Hypothyroidism. The thyroid produces T3 hormone, which is necessary for the function of the ovaries. If you are diagnosed with hypothyroidism you may be deficient in Iodine. There is nothing wrong with the thyroid itself. The thyroid is a part of the hormonal cascade.
Artificial sweeteners. Artificial sweeteners are endocrine disruptors: they impair insulin and leptin signalling.
Hormones from animal foods. Adopt a plant based diet with high amounts of beans, seeds, nuts and plant protein. Avoid dairy, meat, chicken and fish. These foods contain hormones that affect your natural hormone levels.
Anemia. It’s very dangerous to be anemic. Your cells are not receiving enough oxygen. Normal cells make adaptations and start forming cysts and fibroids in the hormonal glands.
Toxic foods. Fibroids and cysts are formed to wall off toxins from the body. Pesticides sprayed on produce are estrogen based and easily attach to female tissues.
Foods To Avoid in PCOS (video)
Is there a cure for PCOS?
According to the medical industry there is no cure for PCOS. Doctors will often recommend weight loss, which will help lower insulin levels.

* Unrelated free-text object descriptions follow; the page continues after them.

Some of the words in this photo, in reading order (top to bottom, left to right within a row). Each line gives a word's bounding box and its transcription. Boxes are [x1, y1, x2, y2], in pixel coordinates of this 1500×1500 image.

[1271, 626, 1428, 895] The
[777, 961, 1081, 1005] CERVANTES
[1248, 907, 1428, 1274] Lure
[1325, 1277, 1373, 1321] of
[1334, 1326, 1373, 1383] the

Popular treatments for PCOS include birth control, thyroid medication, metformin, and hormonal injections. These medications maintain your condition without addressing the underlying cause. I say skip all the BS and cure yourself with nutrition, exercise, and herbs.
Heal From PCOS Quickly:
The trick to healing PCOS is detoxing, weight loss, de-stressing and the use of hormonal balancing herbs.

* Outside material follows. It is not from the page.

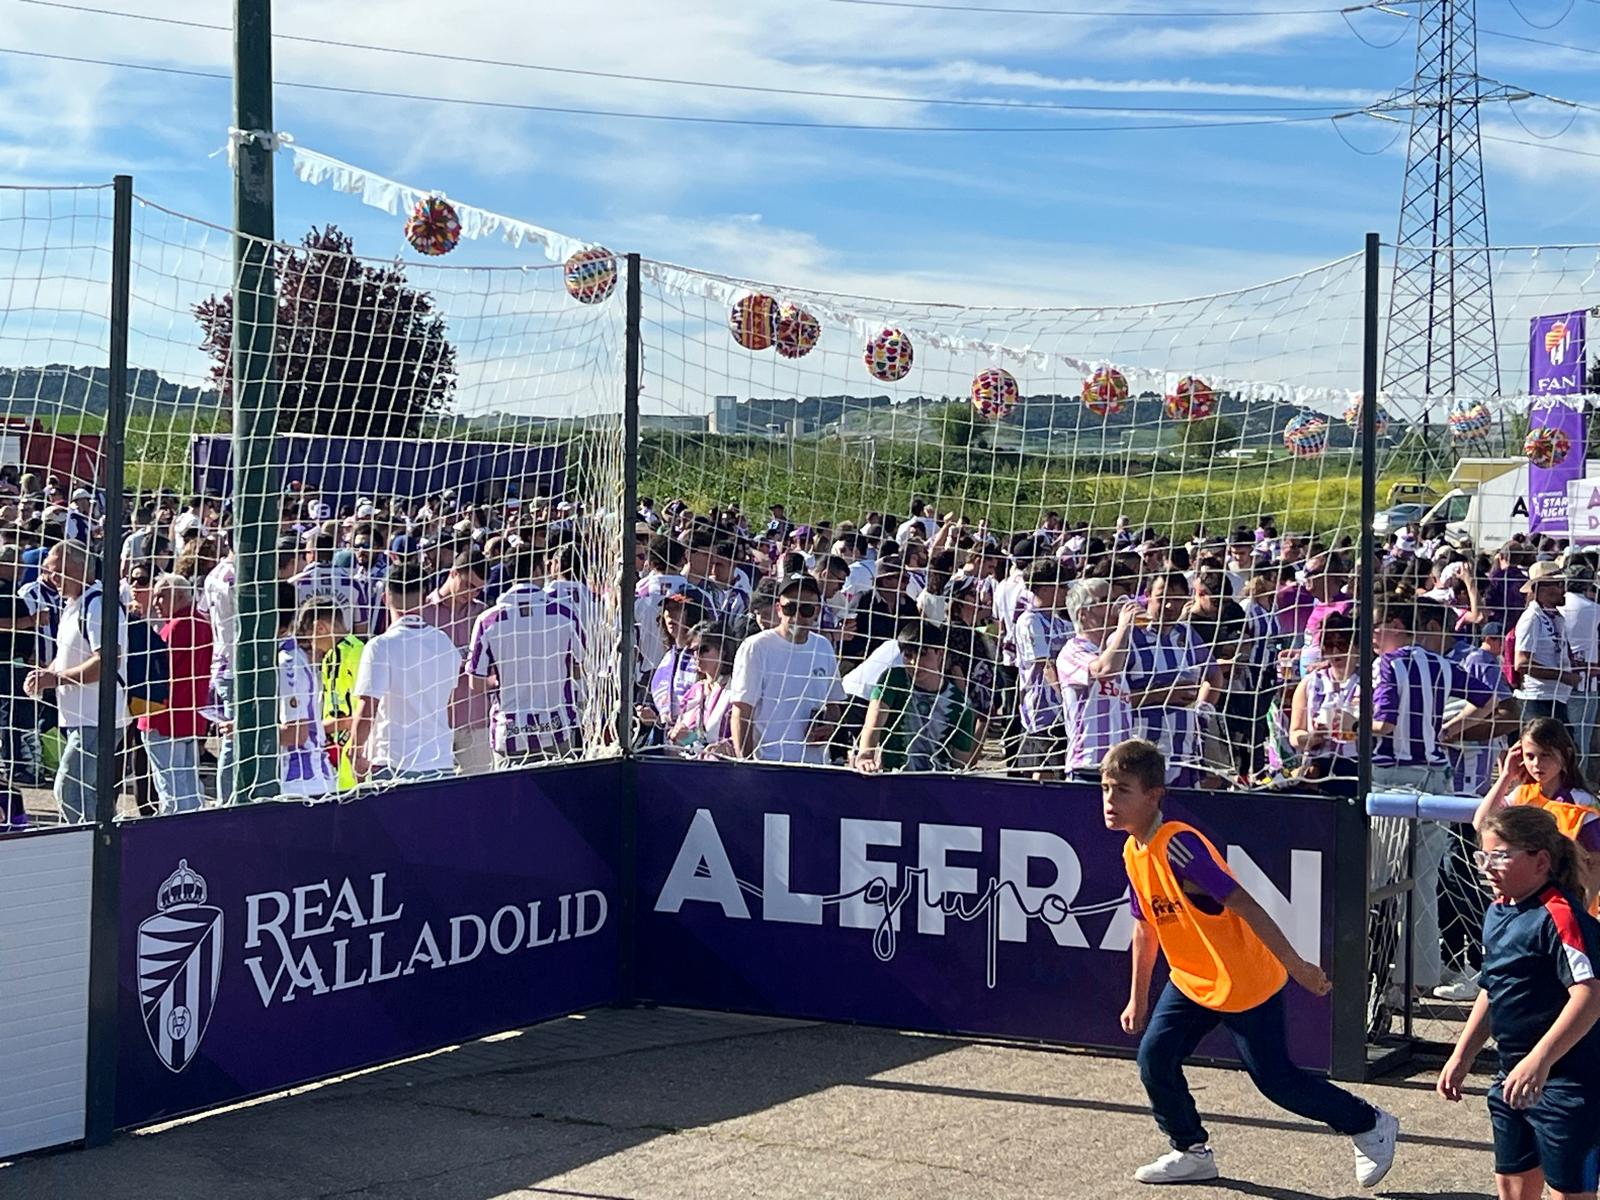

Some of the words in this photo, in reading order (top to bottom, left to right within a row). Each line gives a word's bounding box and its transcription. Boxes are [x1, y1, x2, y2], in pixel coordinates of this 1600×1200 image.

- Give up processed foods, fast food and the microwave. Do not put damaged foods in your body.
- Eat as little animal foods as possible to avoid excess hormones.
- Control your blood sugar and lower insulin levels by eating a low carbohydrate diet. Use these supplements that help control blood sugar: cinnamon, bitter melon, apple cider vinegar.
- Detox for at least 3 months. Choose a detox that cleans your blood and lymph nodes.
- Take a vitamin D supplement
- Use licorice root and saw palmetto to reduce testosterone levels. Saw Palmetto acts as anti-androgen and reduces the conversion of testosterone to the more active form, DHT.
- Balance female hormones using herbs like, chasteberry, black cohosh and dong qui. Chasteberry inhibits prolactin synthesis and raises progesterone levels, restoring the necessary balance of the two hormones.
- Exercise makes you more insulin sensitive by increasing uptake of glucose into cells through glucose transporters.